Hush little baby don’t say a word Mumma’s gonna buy you a mocking bird…

When they eventually arrive they are rustling figures in the semi-darkness. Just in time, just before the orchestra strikes up and the curtain rises the Ormerod party take their places and there’s only time for a nod of greeting.

This is her chance. The chance of a lifetime. Wish too hard, too fiercely and fate turns against you, and yet how many chances does anyone get when their whole fate can be determined?

The first chance is at birth. Well, hell, Ange sodding well missed out on that one.

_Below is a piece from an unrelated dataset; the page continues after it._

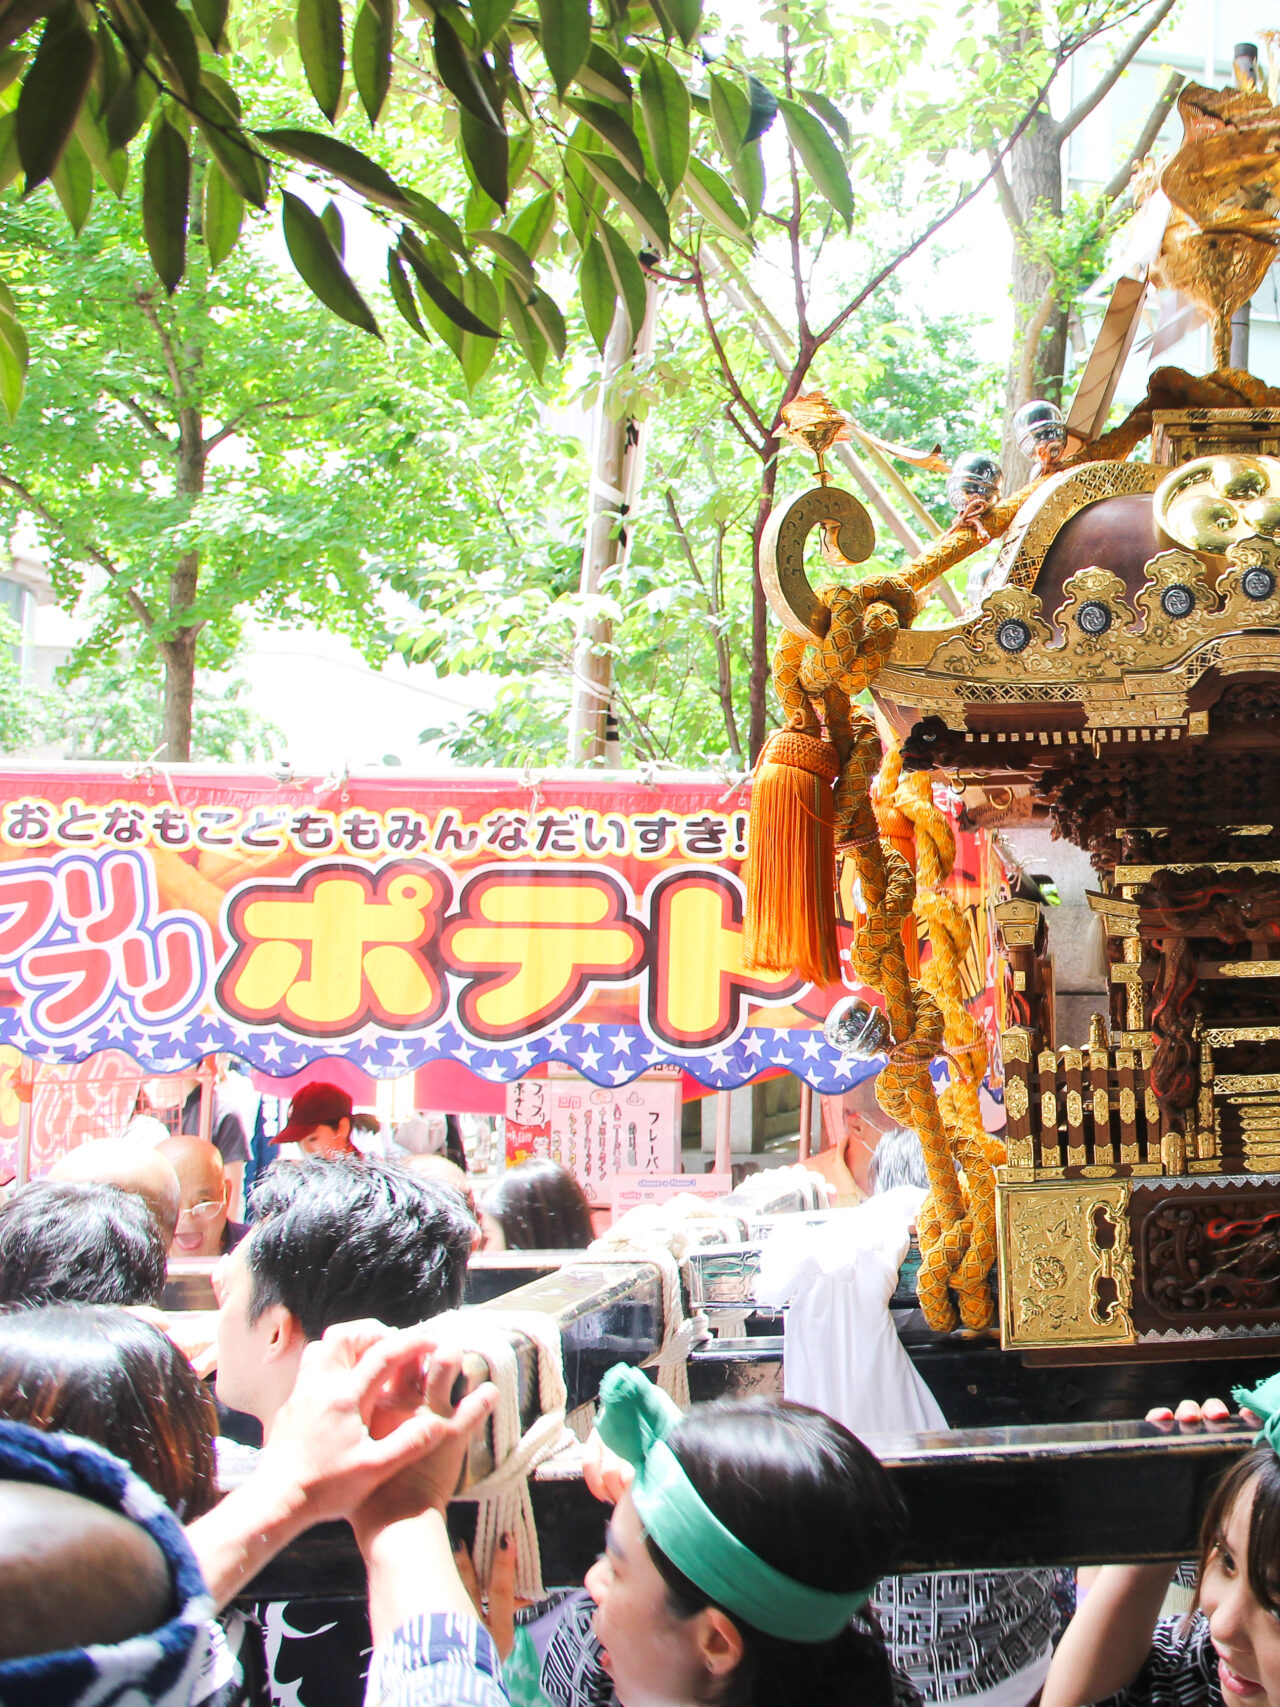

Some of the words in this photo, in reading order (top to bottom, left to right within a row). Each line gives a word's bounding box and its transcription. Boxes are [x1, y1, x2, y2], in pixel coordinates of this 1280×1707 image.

She studies Fabian’s features. Craggy. Straight, intelligent nose. A powerful man at the centre of things. Calm, cautious and calculating yet relentless in his pursuit of profit and, if necessary, utterly ruthless. What a catch! The white of his collar and cuffs stand out fluorescently in the dimness. Looks like the profile of the King you find on scuffed old pennies, and what sort of underpants does he wear? White cotton boxer shorts, probably. His companions turn out to be two haughty young women with diamonds on their wrists and ears. The programme is interminable, the art is to sit perfectly still, Billy could never manage this, but it gives Ange time to think and she concentrates all her thoughts upon Jacob.

Of his birth. So sudden. So frightening.

Of the love she saw in Billy’s eyes. Of the grave concern in the doctor’s, yet Jacob was alive, he breathed, he was hers! Of the toys and books and games and pretty baby clothes she started to notice in the shops, most recently bathed in the soft glow of Christmas, all bright and shiny and gay and colourful and all way out of reach.

‘We don’t need that crap,’ said Billy. ‘We’ll just love him more, that’s all. And who needs books? We’ll make up our own stories.’

Well, that’s what Ange is doing now. So this is her story.